MESSAGING SERVICE WHATSAPP, which has over a billion users, has announced it has encrypted its service.
The service, which is owned by Facebook, is used to send billions of messages daily but some users had feared its lack of encryption made personal data vulnerable.
On the company’s blog today, founders Brian Acton and Jan Koum revealed that end-to-end encryption had been added to the service.
The idea is simple: when you send a message, the only person who can read it is the person or group chat that you send that message to. No one can see inside that message. Not cybercriminals. Not hackers. Not oppressive regimes. Not even us. End-to-end encryption helps make communication via WhatsApp private – sort of like a face-to-face conversation.

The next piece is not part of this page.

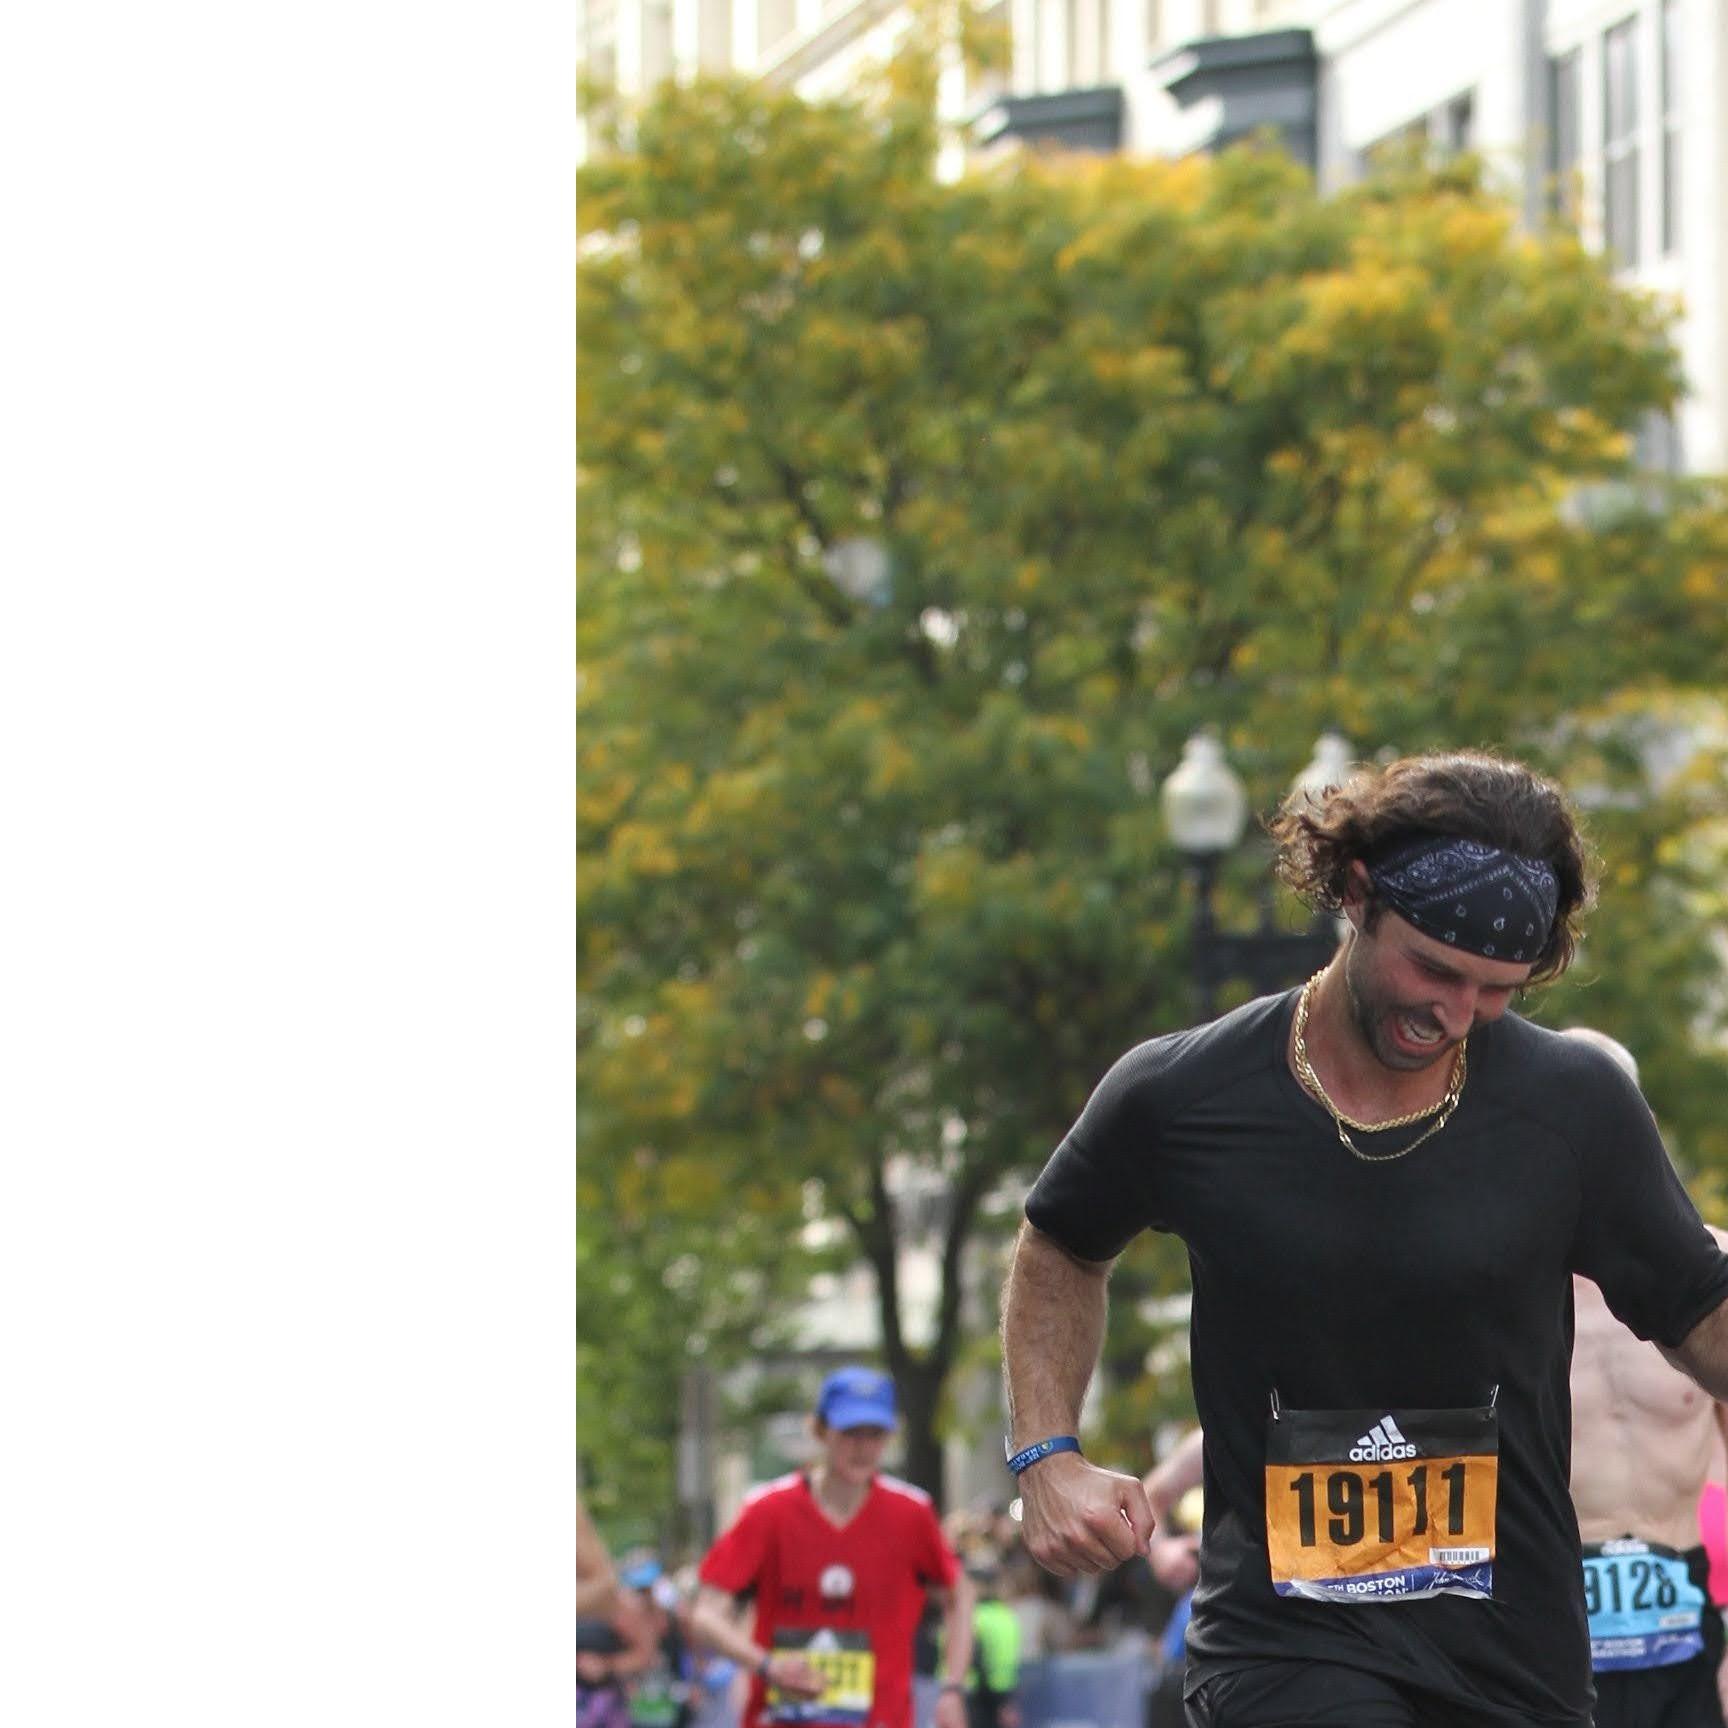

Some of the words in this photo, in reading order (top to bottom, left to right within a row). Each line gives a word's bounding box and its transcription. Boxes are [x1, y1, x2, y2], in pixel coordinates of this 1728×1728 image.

[1349, 1442, 1417, 1462] adidas
[1289, 1462, 1466, 1548] 19111
[1346, 1575, 1406, 1594] BOSTON

A row about encryption has been raging in the US between Apple and the FBI and services like Telegram and Signal, which sell themselves on their encryption, have surged in popularity.
The encryption will be added to any group where at least one member has the newest version of the app and will kick in across operating platforms and devices.

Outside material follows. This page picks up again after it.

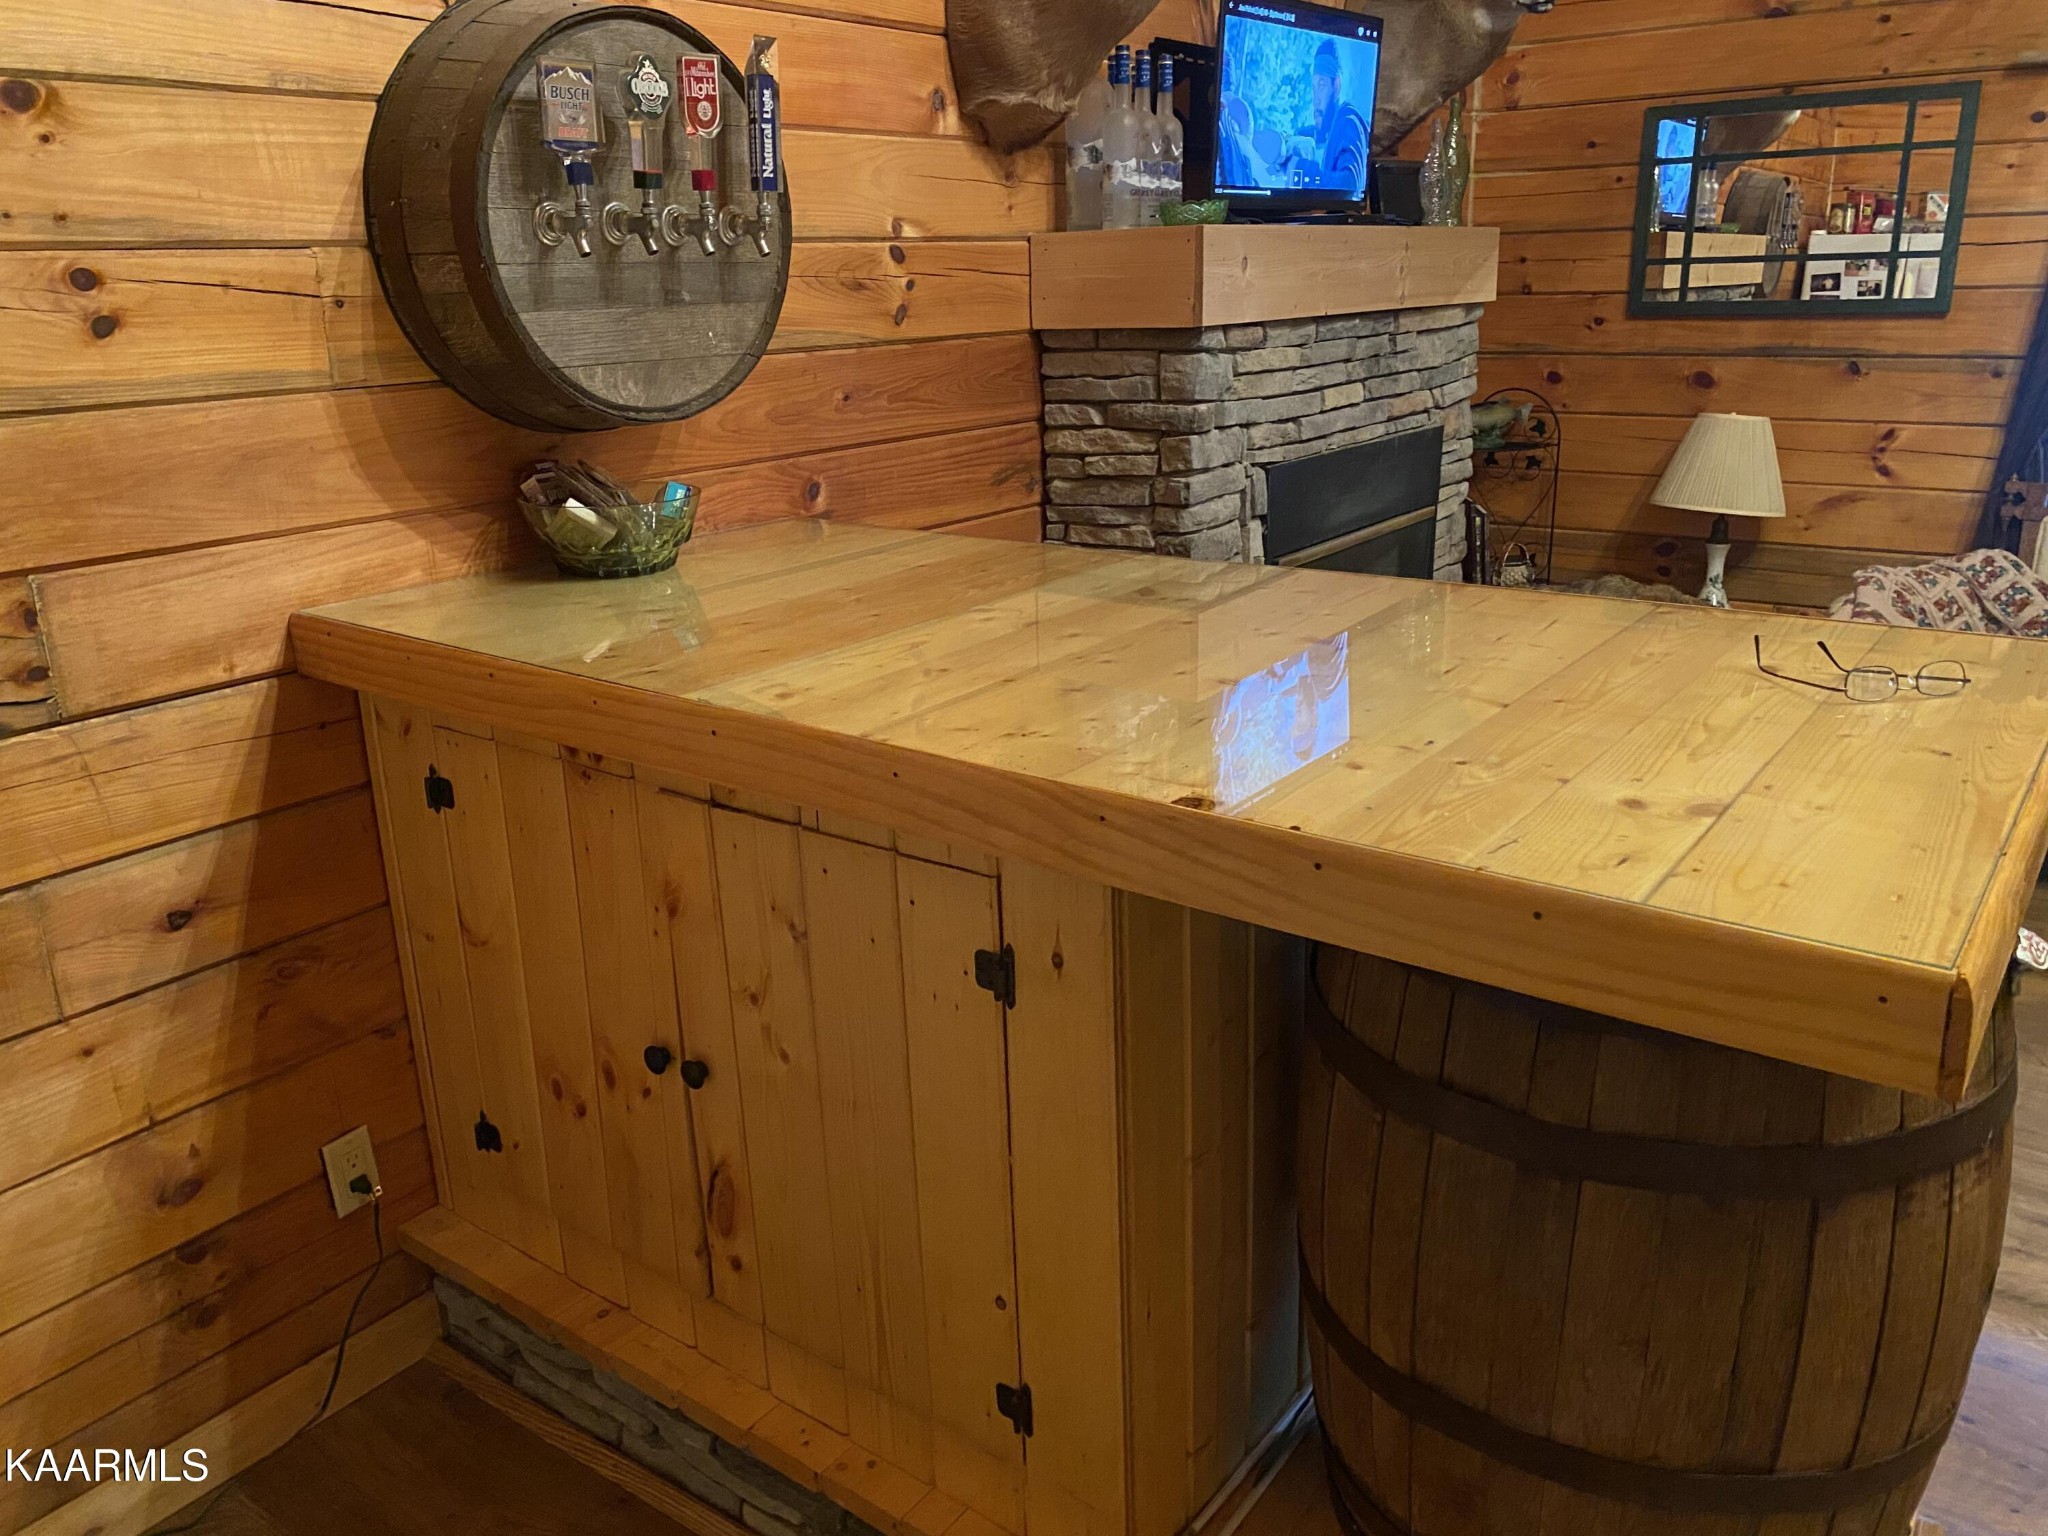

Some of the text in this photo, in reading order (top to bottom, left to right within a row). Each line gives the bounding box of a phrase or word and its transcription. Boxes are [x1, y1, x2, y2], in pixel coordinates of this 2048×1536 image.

[550, 85, 589, 101] BUSCH
[690, 77, 716, 99] Light
[560, 102, 582, 111] LIGHT
[761, 88, 774, 178] Natural Light

Koum says that while the company respects the job done by law enforcement, the right to privacy was too important to ignore.
The desire to protect people’s private communication is one of the core beliefs we have at WhatsApp, and for me, it’s personal. I grew up in the USSR during communist rule and the fact that people couldn’t speak freely is one of the reasons my family moved to the United States.
“Today more than a billion people are using WhatsApp to stay in touch with their friends and family all over the world. And now, every single one of those people can talk freely and securely.”